Plan Epargne Logement (PEL)
Le PEL reste un outil d’apport pertinent, surtout pour les plans ouverts avant 2024 qui bénéficient de taux garantis supérieurs à 2 %. Un PEL arrivé à terme de 4 ans donne droit à un prêt épargne logement à taux préférentiel, plafonné à 92 000 euros. Le capital accumulé vient s’ajouter à l’apport.
Donation familiale
Les donations de parents ou grands-parents constituent une part importante de l’apport des primo-accédants. En 2026, chaque parent peut donner jusqu’à 100 000 euros par enfant tous les 15 ans en franchise de droits. Un abattement supplémentaire de 31 865 euros existe pour les dons de sommes d’argent sous conditions d’âge. Ces donations doivent être déclarées mais ne sont pas imposables dans ces limites.
Prêt à Taux Zéro (PTZ)
Le PTZ est un prêt sans intérêt accordé sous conditions de ressources aux primo-accédants. En 2026, le dispositif a été élargi : il couvre désormais l’achat dans le neuf sur tout le territoire et dans l’ancien avec travaux en zones B2 et C. Le montant peut atteindre 40 % du coût de l’opération dans les zones les plus tendues. Les banques considèrent le PTZ comme un quasi-apport, ce qui renforce le dossier.
Prêt Action Logement
Les salariés d’entreprises de plus de 10 employés peuvent bénéficier du prêt Action Logement (ex-1 % Logement). En 2026, ce prêt peut atteindre 40 000 euros à un taux de 1 %, remboursable sur 25 ans maximum. Il est cumulable avec le PTZ et considéré comme de l’apport par la plupart des banques. Condition principale : le bien doit devenir la résidence principale de l’emprunteur.
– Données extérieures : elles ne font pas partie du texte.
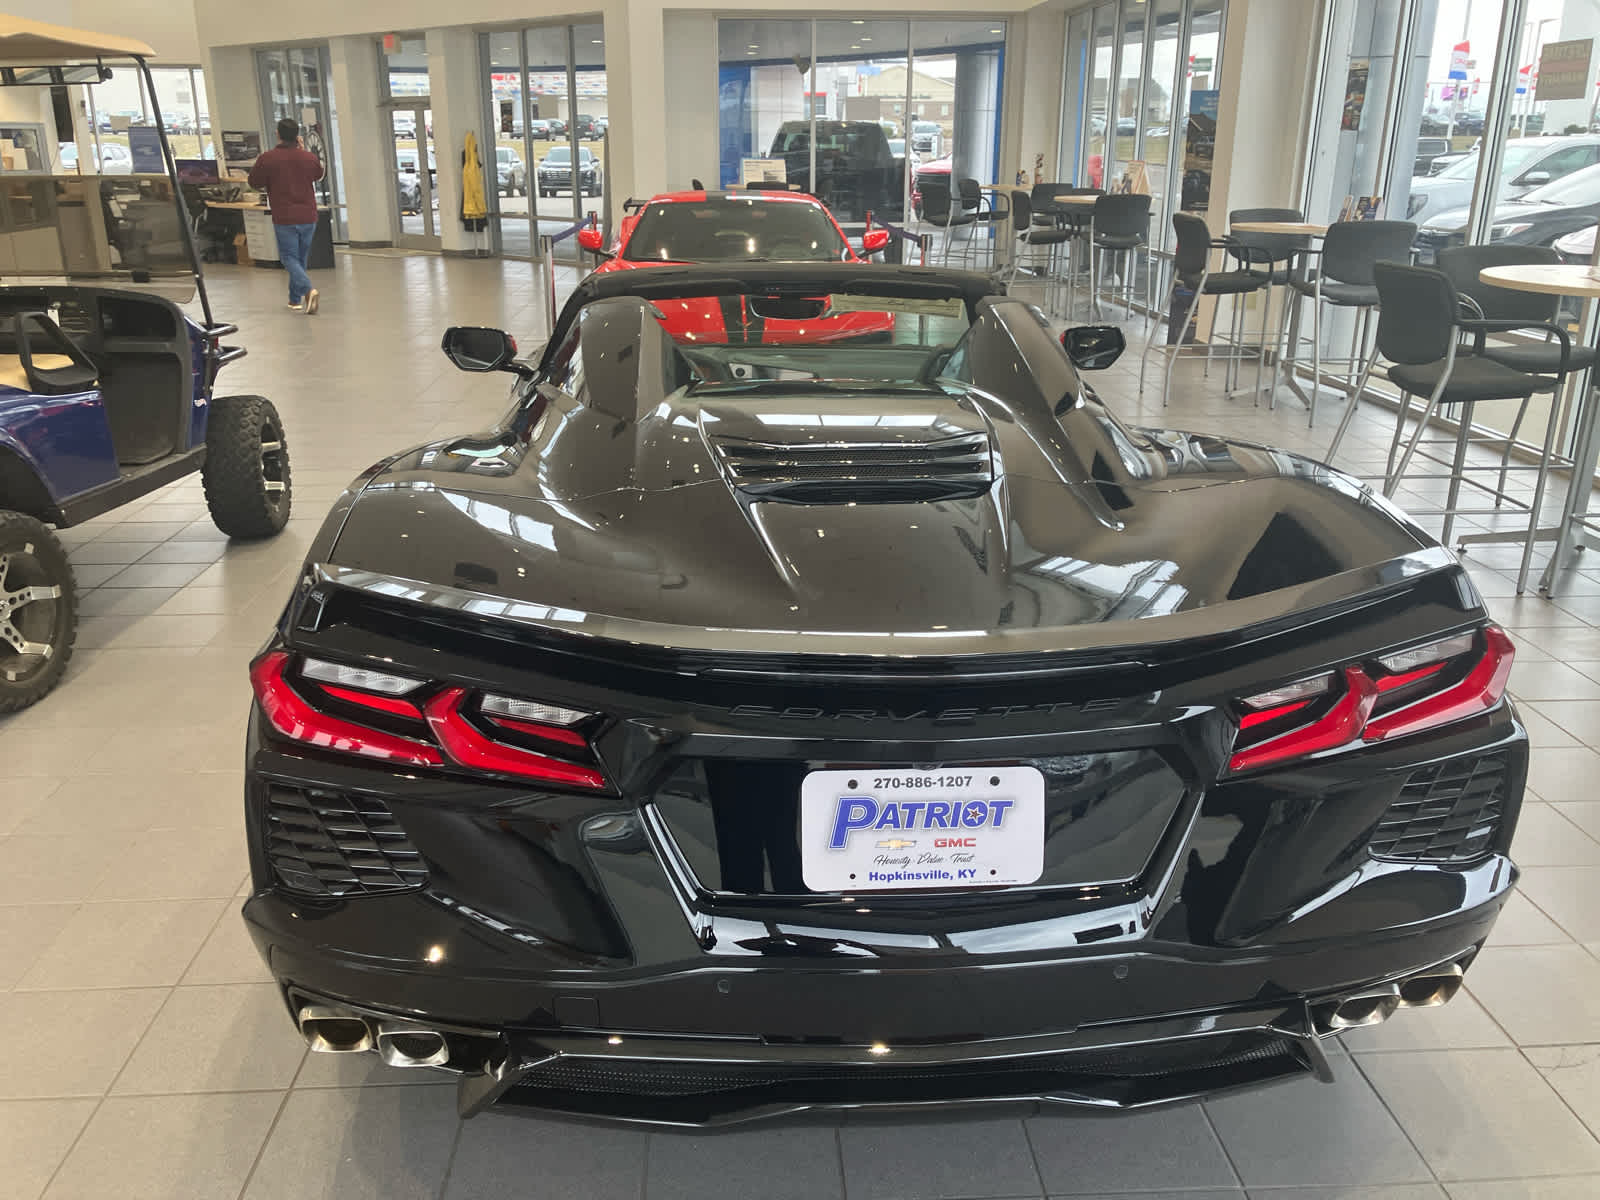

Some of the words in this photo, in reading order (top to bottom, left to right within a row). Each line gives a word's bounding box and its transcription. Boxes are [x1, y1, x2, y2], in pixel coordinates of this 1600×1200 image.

Pourquoi les banques exigent 10 % minimum
La règle des 10 % d’apport n’est pas réglementaire mais quasi universelle dans la pratique bancaire. La raison est simple : les frais d’acquisition (frais de notaire, garantie, frais de dossier) représentent environ 8 à 10 % du prix dans l’ancien. En finançant ces frais sur fonds propres, l’emprunteur garantit que le montant du prêt ne dépasse pas la valeur du bien.
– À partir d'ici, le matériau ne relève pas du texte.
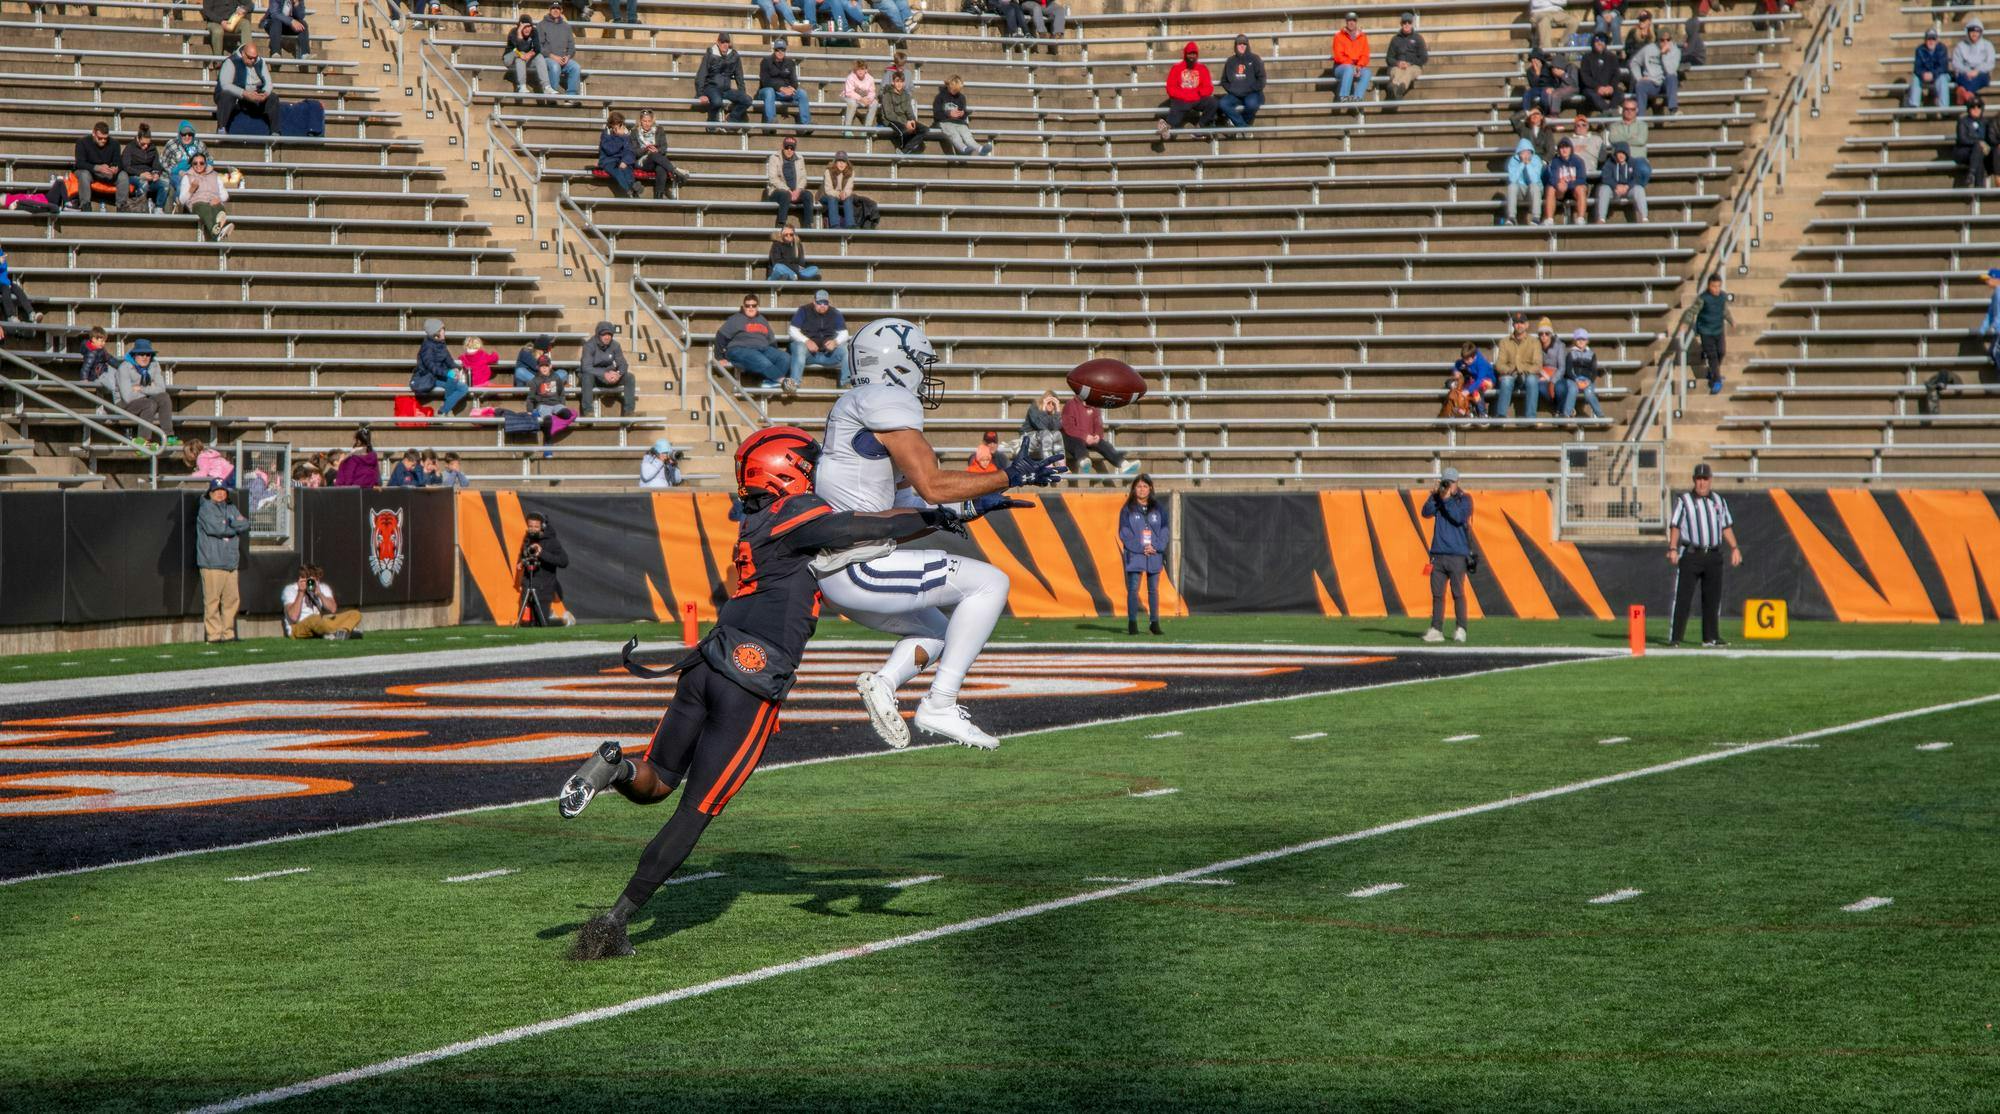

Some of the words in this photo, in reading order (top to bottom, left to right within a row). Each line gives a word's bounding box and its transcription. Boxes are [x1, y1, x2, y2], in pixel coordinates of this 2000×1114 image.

[885, 324, 914, 349] Y
[857, 377, 870, 385] 150
[686, 604, 694, 613] P
[1633, 609, 1640, 619] P
[1757, 602, 1775, 629] G
Pour la banque, c’est une protection en cas de défaut : si elle doit saisir et revendre le bien, elle récupère au minimum le capital restant dû. Un emprunteur sans apport signifie un prêt supérieur à la valeur du bien — un risque que la plupart des établissements refusent de prendre depuis le durcissement des recommandations du HCSF en 2022.
En pratique, les dossiers sans apport existent encore mais restent marginaux (moins de 10 % des crédits accordés) et concernent principalement les jeunes actifs à fort potentiel de revenus ou les fonctionnaires.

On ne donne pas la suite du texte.